What is being asked
Copy the records below in full, keeping each word as it is but omitting the pictures.

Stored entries

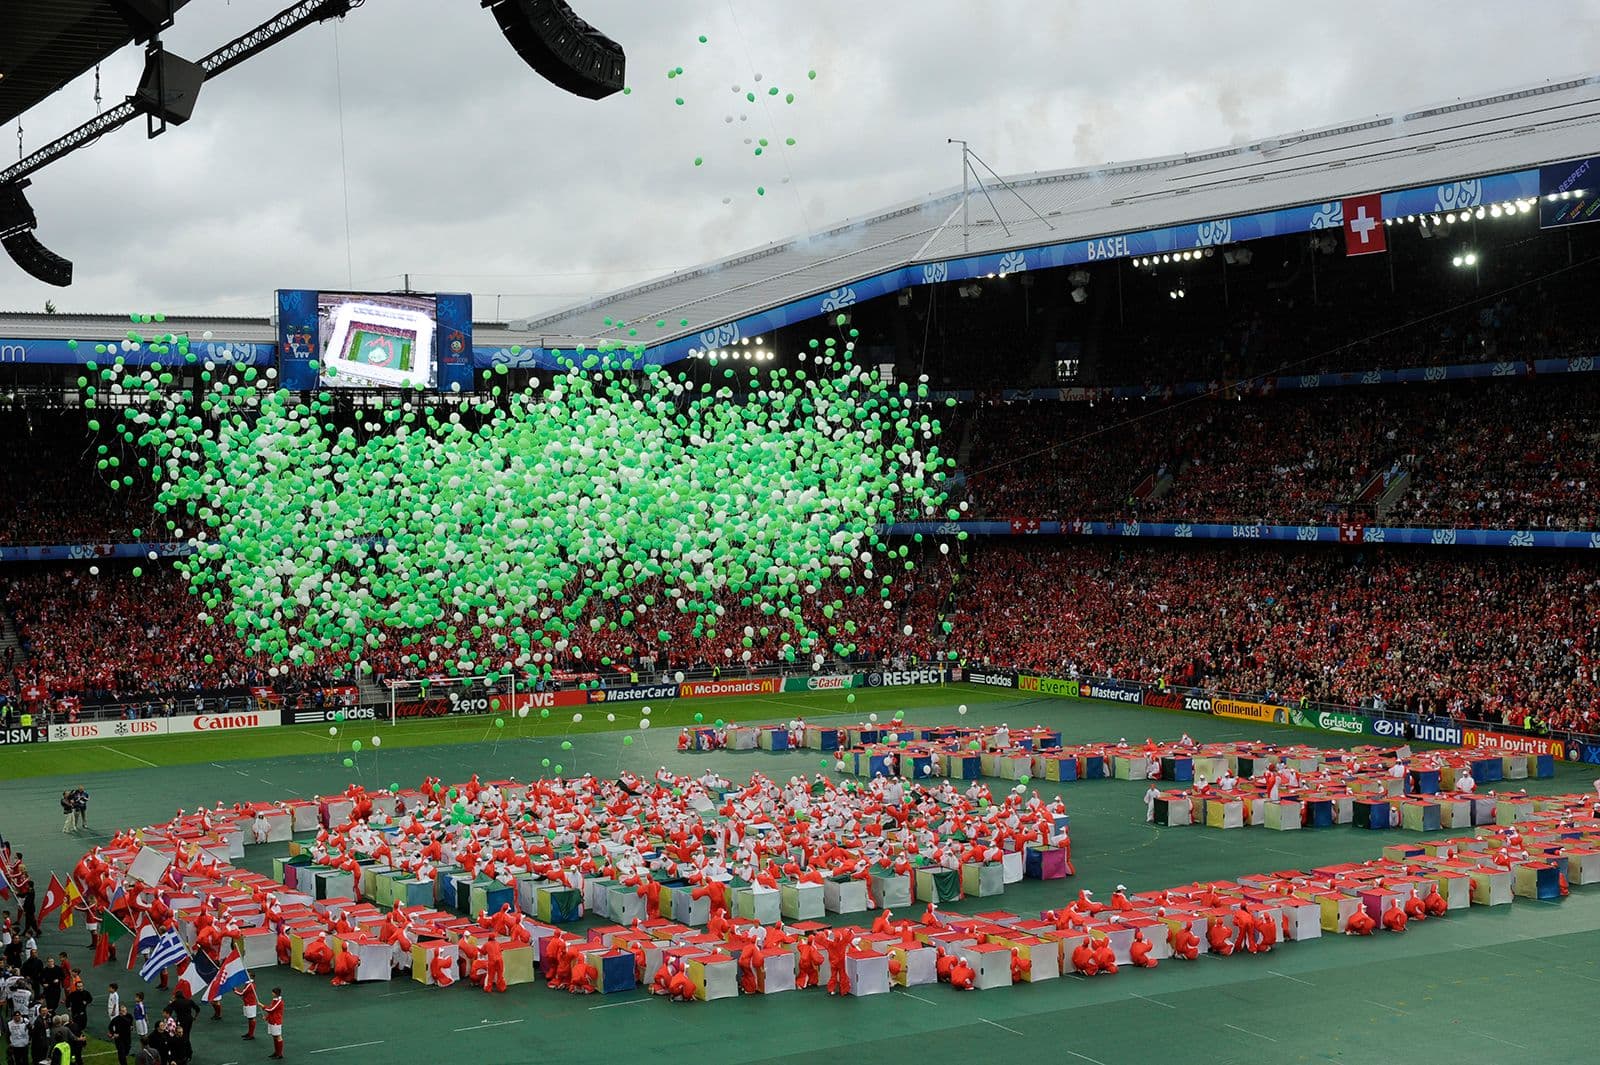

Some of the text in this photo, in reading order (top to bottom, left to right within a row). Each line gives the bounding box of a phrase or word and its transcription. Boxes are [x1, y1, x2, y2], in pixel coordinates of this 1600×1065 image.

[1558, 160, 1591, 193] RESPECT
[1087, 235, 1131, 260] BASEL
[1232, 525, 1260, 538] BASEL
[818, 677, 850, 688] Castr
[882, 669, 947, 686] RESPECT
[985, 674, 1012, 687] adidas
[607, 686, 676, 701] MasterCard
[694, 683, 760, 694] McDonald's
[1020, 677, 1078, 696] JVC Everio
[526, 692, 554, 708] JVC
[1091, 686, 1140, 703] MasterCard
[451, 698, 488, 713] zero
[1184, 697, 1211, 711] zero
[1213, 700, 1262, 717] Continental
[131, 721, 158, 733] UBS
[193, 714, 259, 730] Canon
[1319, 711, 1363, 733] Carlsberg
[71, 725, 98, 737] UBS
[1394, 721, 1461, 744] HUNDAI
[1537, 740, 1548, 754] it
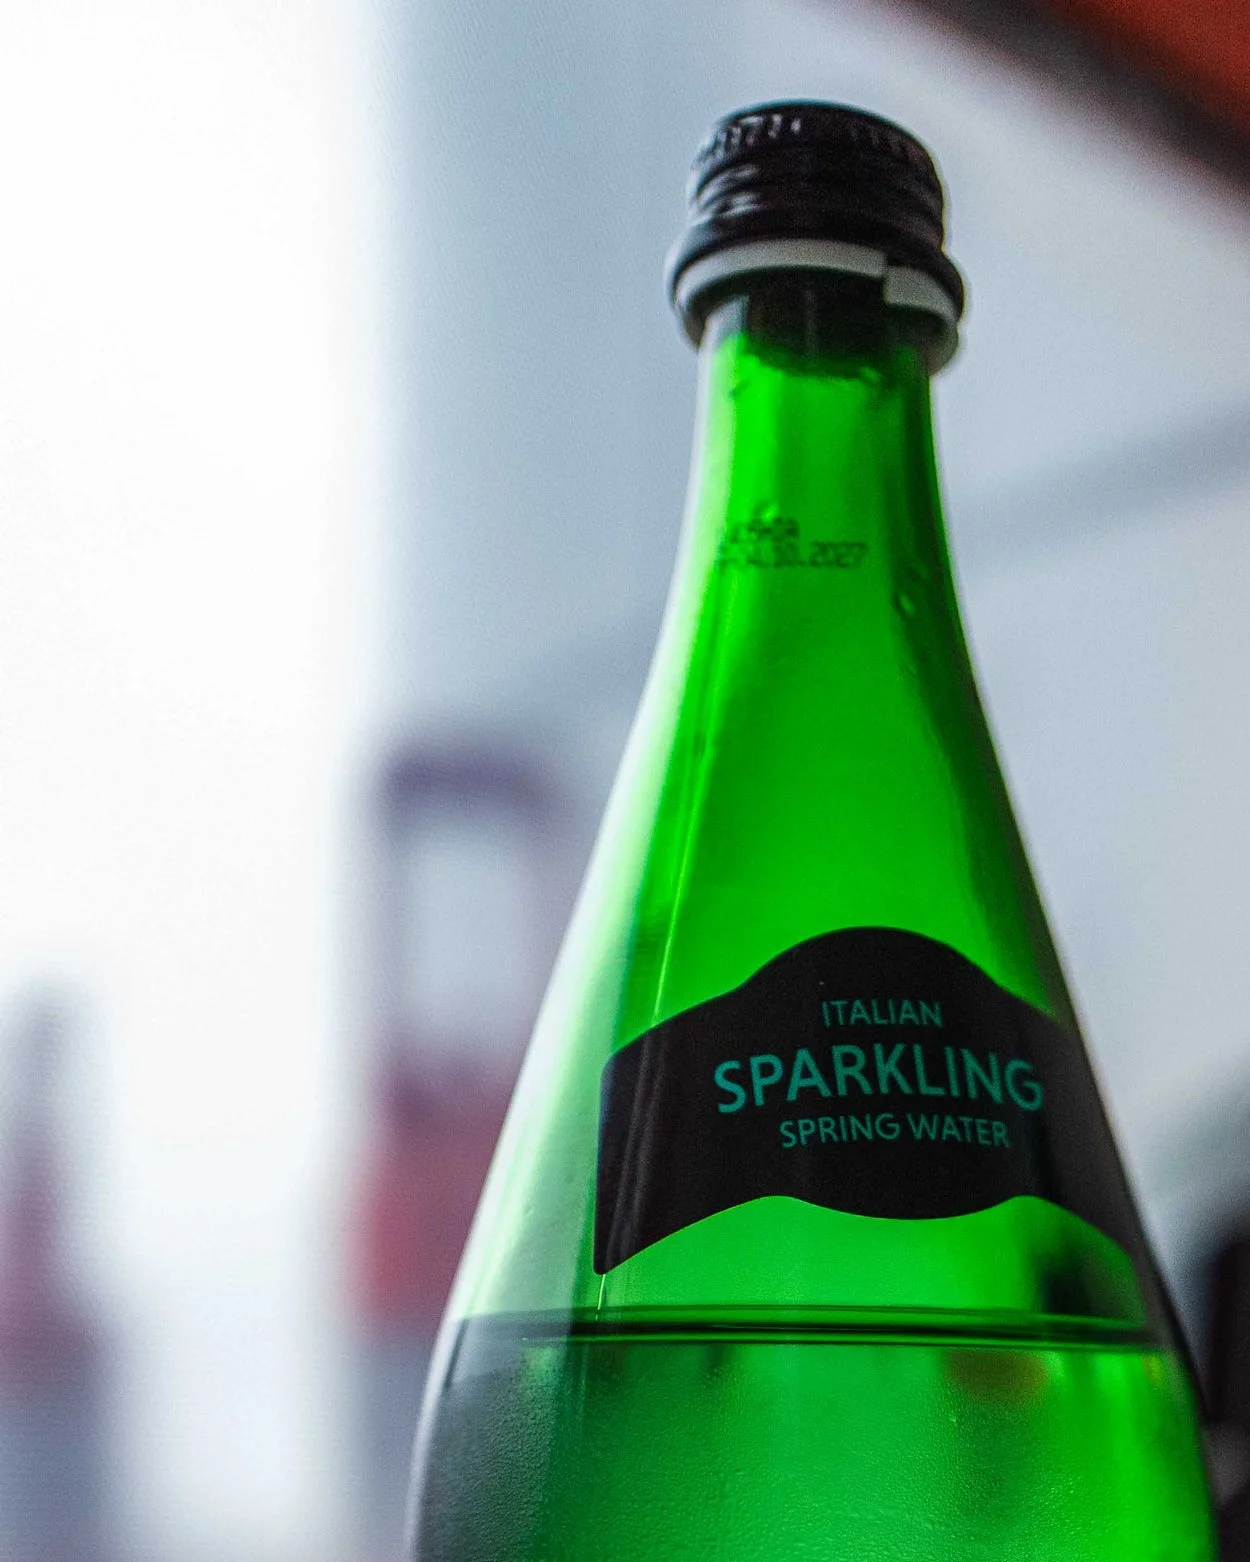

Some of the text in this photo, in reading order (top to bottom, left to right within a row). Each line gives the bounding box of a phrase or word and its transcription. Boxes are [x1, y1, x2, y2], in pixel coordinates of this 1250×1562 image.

Written solution
Some of the text in this photo, in reading order (top to bottom, left to right within a row). Each line gives the bounding box of a phrase or word and its transcription. Boxes are [x1, y1, x2, y2], in pixel coordinates of this 1600×1065 image.

[1558, 160, 1591, 193] RESPECT
[1087, 235, 1131, 260] BASEL
[1232, 525, 1260, 538] BASEL
[818, 677, 850, 688] Castr
[882, 669, 947, 686] RESPECT
[985, 674, 1012, 687] adidas
[607, 686, 676, 701] MasterCard
[694, 683, 760, 694] McDonald's
[1020, 677, 1078, 696] JVC Everio
[526, 692, 554, 708] JVC
[1091, 686, 1140, 703] MasterCard
[451, 698, 488, 713] zero
[1184, 697, 1211, 711] zero
[1213, 700, 1262, 717] Continental
[131, 721, 158, 733] UBS
[193, 714, 259, 730] Canon
[1319, 711, 1363, 733] Carlsberg
[71, 725, 98, 737] UBS
[1394, 721, 1461, 744] HUNDAI
[1537, 740, 1548, 754] it

Some of the text in this photo, in reading order (top to bottom, left to right within a row). Each line gives the bounding box of a phrase or word and its transcription. Boxes are [x1, y1, x2, y2], in pixel coordinates of this 1250×1562 image.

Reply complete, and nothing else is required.